Akon has said in the future that his namesake city would not only provide jobs, but would also be a sanctuary for African Americans to reconnect with their African roots.
The country has already become a pilgrimage destination for the African diaspora, who take the short ferry ride from Dakar to the island of Gorée, the largest slave-trading centre on the African coast from the 15th to the 19th century.
“I was looking to build a city or a project like this that would give them the motivation to know that there is a place to call home,” the singer said at a press conference in 2020.
Much of the foreign reaction has focused on the city’s Afrofuturist aesthetic and Akon’s stated plan to have its economy run primarily on its Akoin cryptocurrency. There is also much skepticism about its realization, fueled by the lack of main points in the plans.
In 2021, Devyne Stephens, Akon’s music director and former business partner, filed a $4 million lawsuit against the singer, alleging she still owed him cash for a 2018 settlement.
In March 2022, Stephens sought a judgment to freeze Akon’s assets in New York, saying that without the move, Akon would struggle to pay off an alleged debt. Stephens’ attorney, Jeffrey Movit, alleged in his affidavit that Akon City and Akoin exhibit “many of the characteristics . . . from fraudulent business ventures such as Ponzi schemes and pyramid schemes. “Akon City “is probably a scam,” Movit said.

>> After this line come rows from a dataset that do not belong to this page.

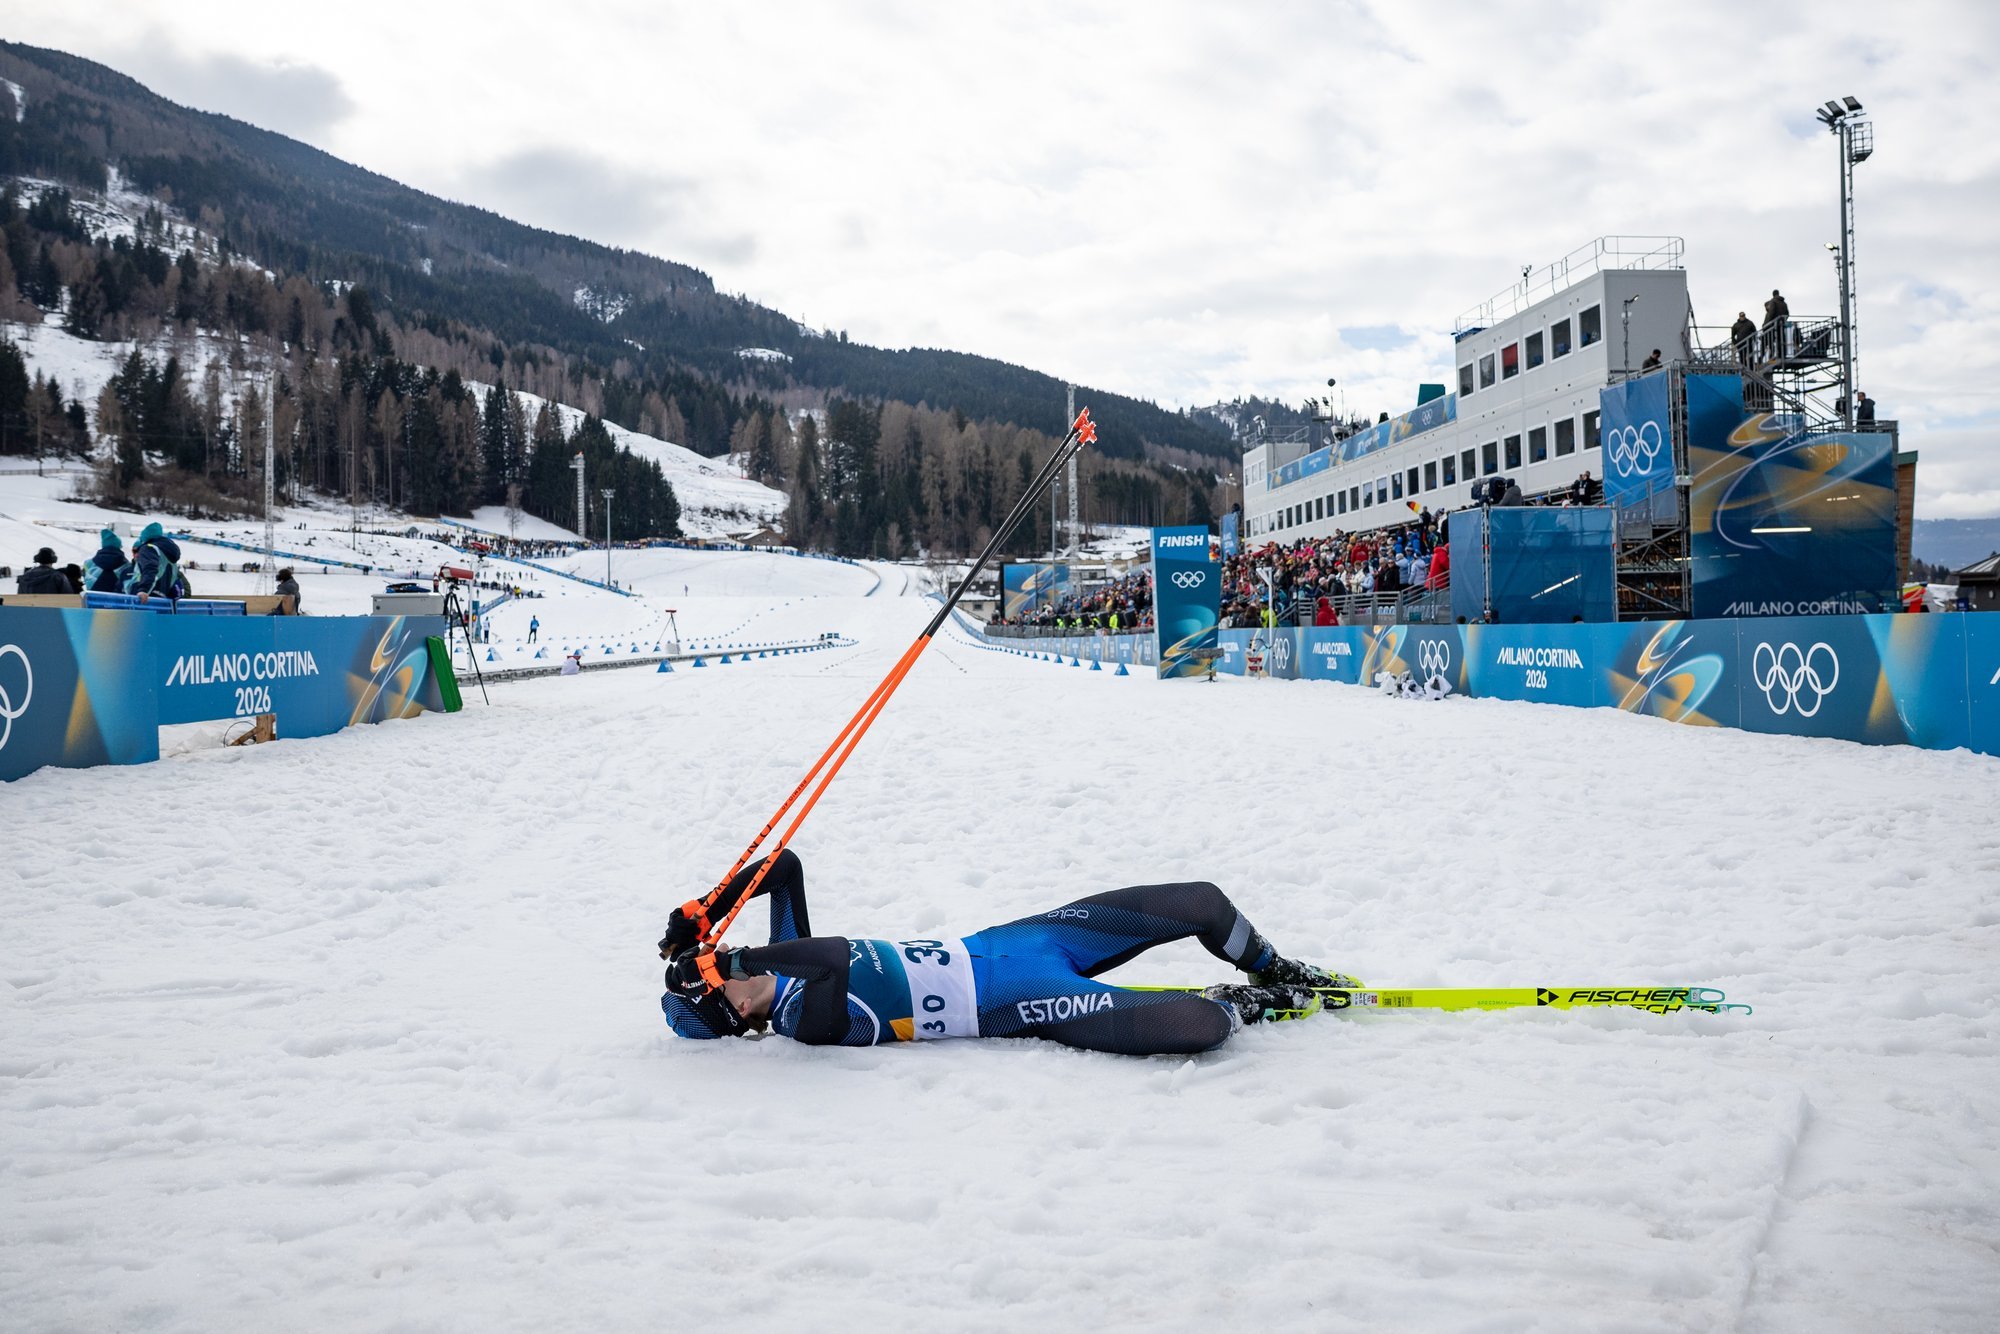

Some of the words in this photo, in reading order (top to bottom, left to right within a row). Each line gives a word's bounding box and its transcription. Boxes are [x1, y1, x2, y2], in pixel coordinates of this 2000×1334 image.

[1159, 534, 1204, 548] FINISH
[1722, 601, 1794, 615] MILANO
[1797, 601, 1869, 614] CORTINA
[165, 653, 251, 686] MILANO
[253, 650, 319, 680] CORTINA
[1496, 647, 1535, 666] MILANO
[1535, 648, 1584, 669] CORTINA
[1525, 669, 1547, 689] 2026
[235, 686, 271, 715] 2026
[1047, 908, 1089, 919] odlo
[898, 940, 950, 966] 30
[1017, 992, 1114, 1023] ESTONIA
[1568, 990, 1690, 1003] FISCHER
[922, 994, 946, 1033] 30

Akon denied the allegations about Akon City. The following month, he paid $850,000 to settle part of the ongoing lawsuit. He said the motion to freeze his accounts had been made “out of spite” to damage his reputation.
Stephens, Movit, and Akon’s representative did not respond to requests for comment. In December 2022, Akon said the Covid pandemic was to blame for the delays and that plans were “100,000% moving”. In a podcast interview in September he said he was working on a 10-year timetable to complete the project.

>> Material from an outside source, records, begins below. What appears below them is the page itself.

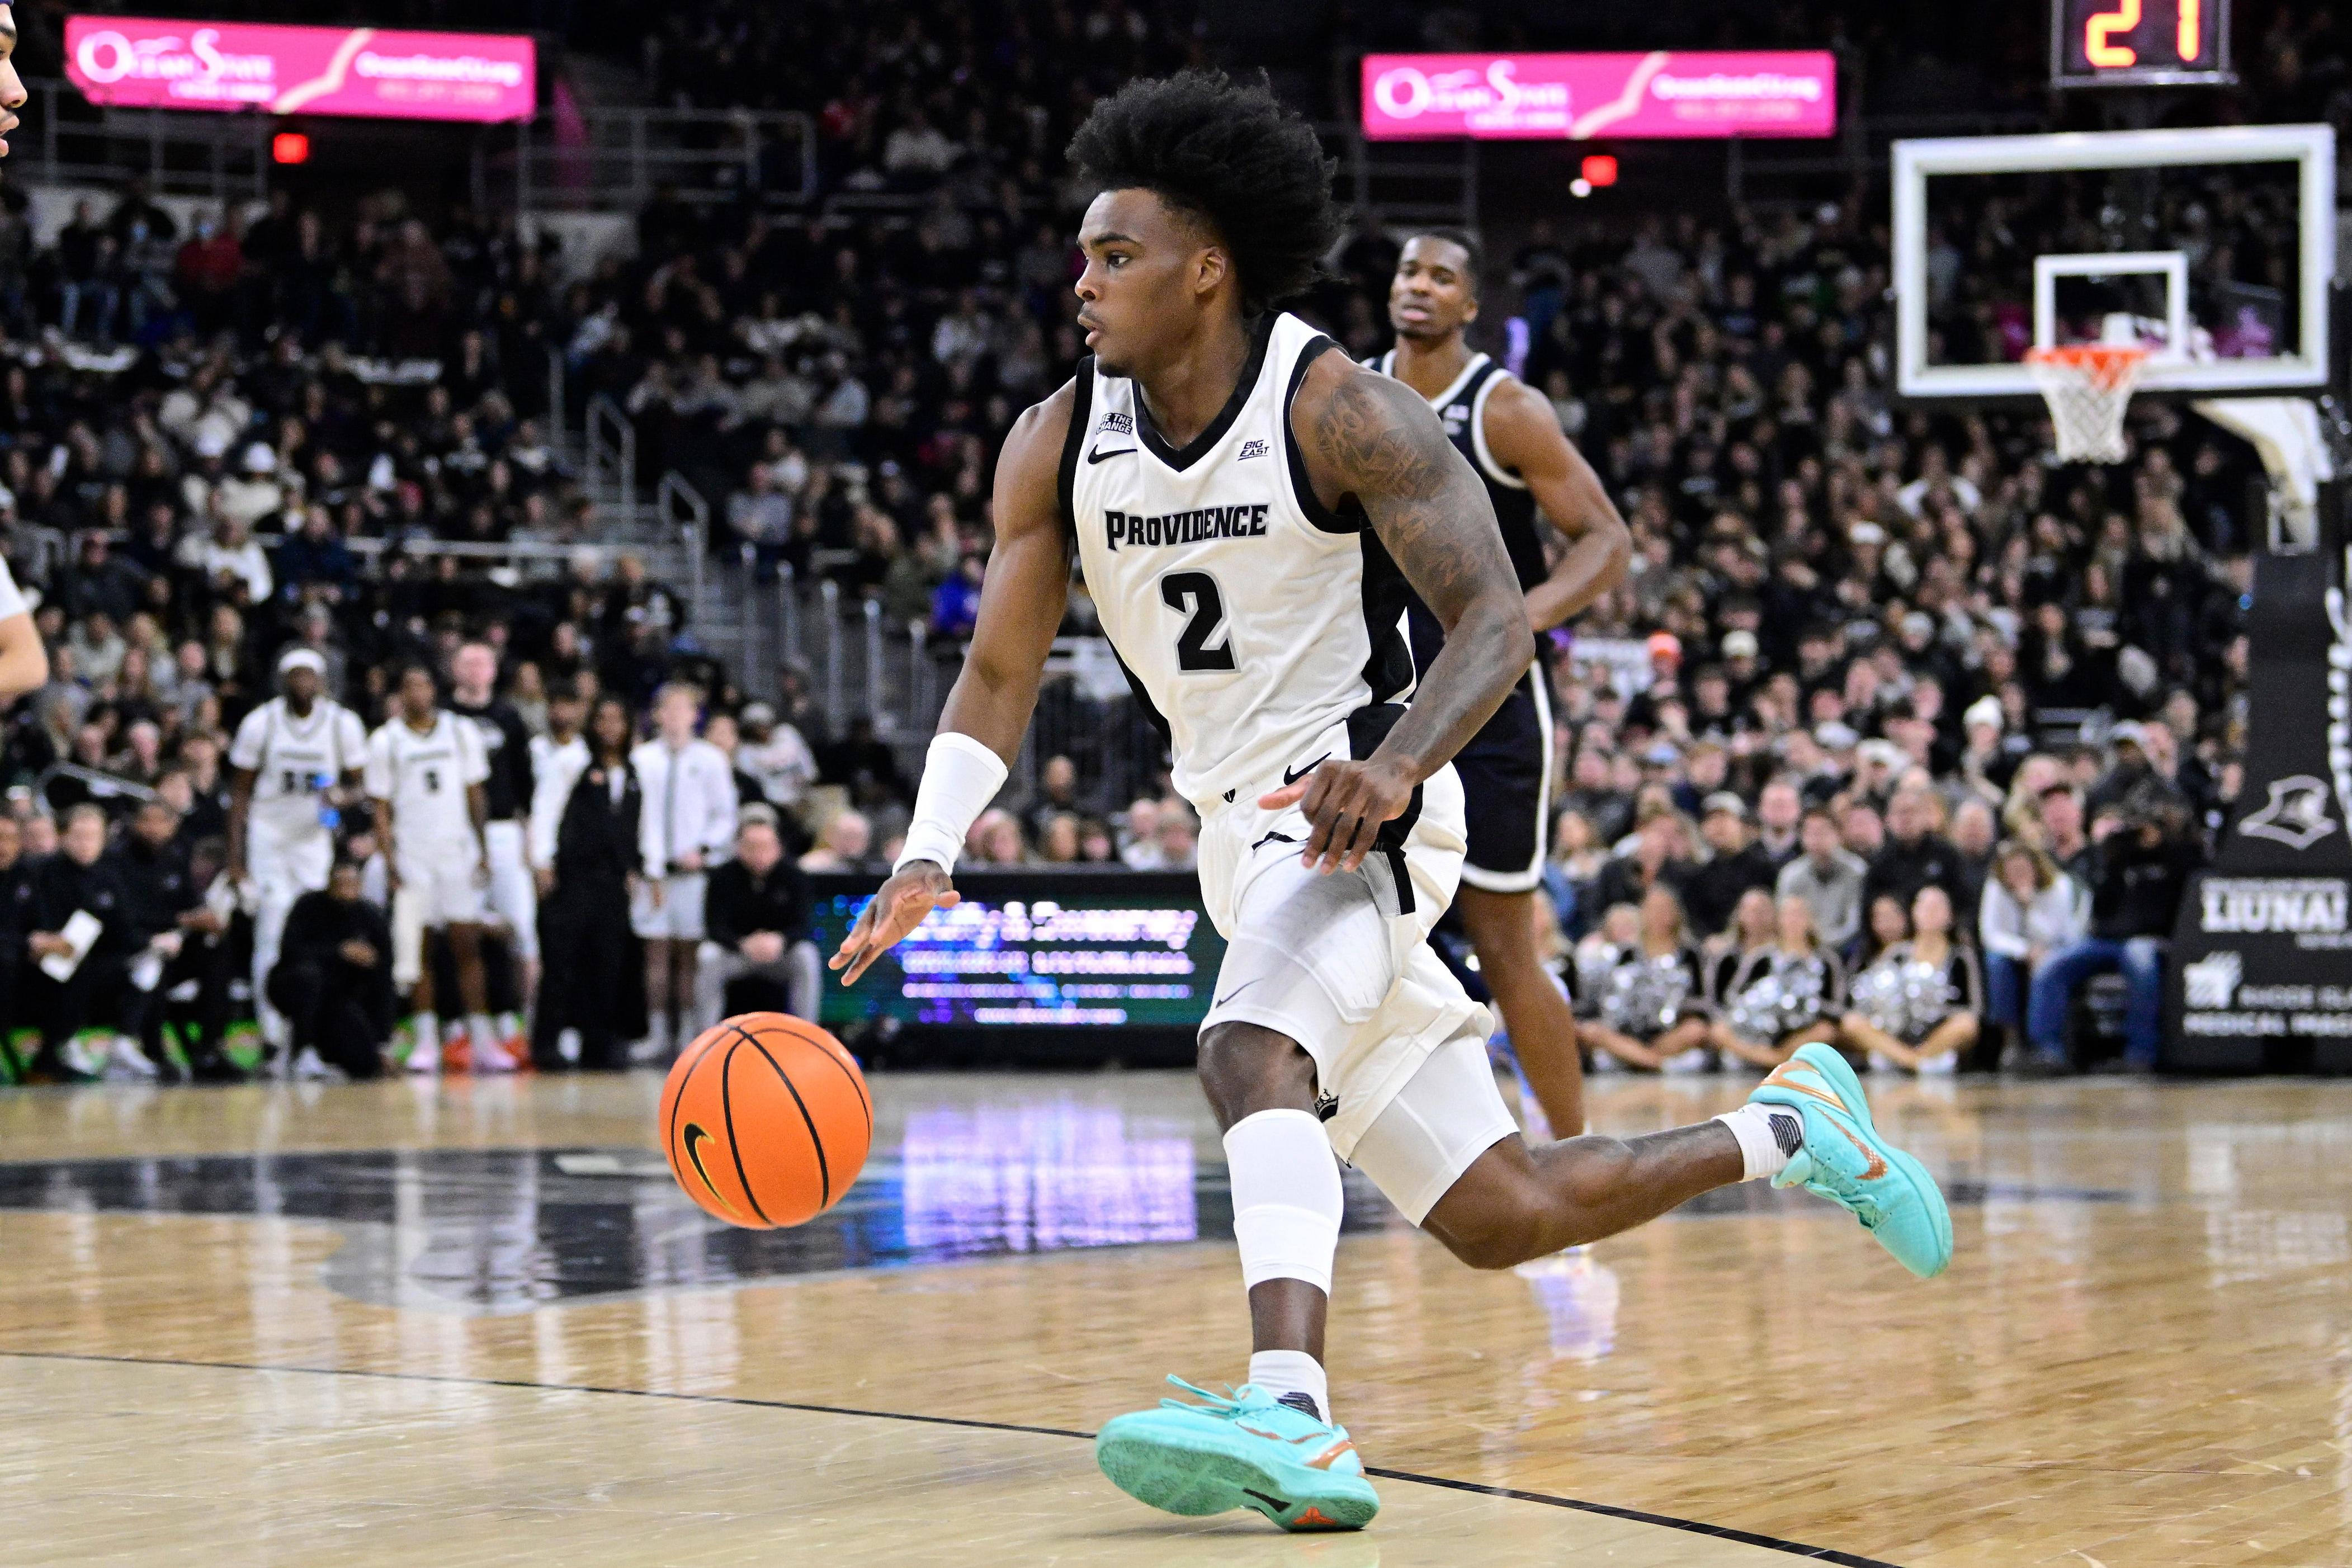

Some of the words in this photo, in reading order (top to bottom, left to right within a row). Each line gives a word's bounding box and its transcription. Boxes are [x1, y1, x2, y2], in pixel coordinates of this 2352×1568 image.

[1113, 414, 1132, 426] THE
[1096, 421, 1132, 434] CHANGE
[1243, 440, 1264, 449] BIG
[1239, 446, 1270, 457] EAST
[1104, 503, 1269, 551] PROVIDENCE
[1159, 570, 1238, 672] 2

The status for the once zealous task has also deteriorated recently.
The scheme initially had backing from Senegal’s outgoing president, Macky Sall, and the Society for the Development and Promotion of Coasts and Tourist Zones (Sapco), which loaned the singer $2m for the project.
According to local media, Sapco sent Akon a formal notice telling him that if the assignment moved forward to next year, her contract with him would be terminated.
The city of Akon is embroiled in land rights issues.
Extolled for its pristine beaches and surfing spots, the land near Mbodiène earmarked for Akon City was ceded to the Senegalese state in 2009 for future tourism development by Sapco.
The first phase of Akon City would be built on 55 hectares of land secured through Sapco, eventually expanding to another 500 hectares by the end of the decade. The land belonged to several hundred other people who would be compensated by the Senegalese government.
More than a decade later, some citizens have still been compensated, according to Diome. “My challenge with the land is with Akon,” he says. “My challenge is with Sapco, because they are the ones who took the land away from the villagers. ” “.
Sapco responded to The Guardian’s request for comment.
In addition to the Reception Centre, the other tangible sign of the structural paintings is a recently built youth centre, financed through Akon through a contract in which the citizens of Mbodiène stipulated the situations that the singer had to face before obtaining the blessing of the people to build the reception centre. city.
As the teens play basketball on the court next to the center, Diome shared a photo of him with Akon and praised his own interactions with the singer. “I judge other people by how they are to me,” she says. “At Akon’s in this case, everything he said he would do, he did. “
This article was last modified on December 4, 2023. In a previous version, Michel Diome’s age incorrectly indicated 53 years instead of 70 years; and the location map has been corrected to show Mali as the country east of Senegal, not Burkina Faso.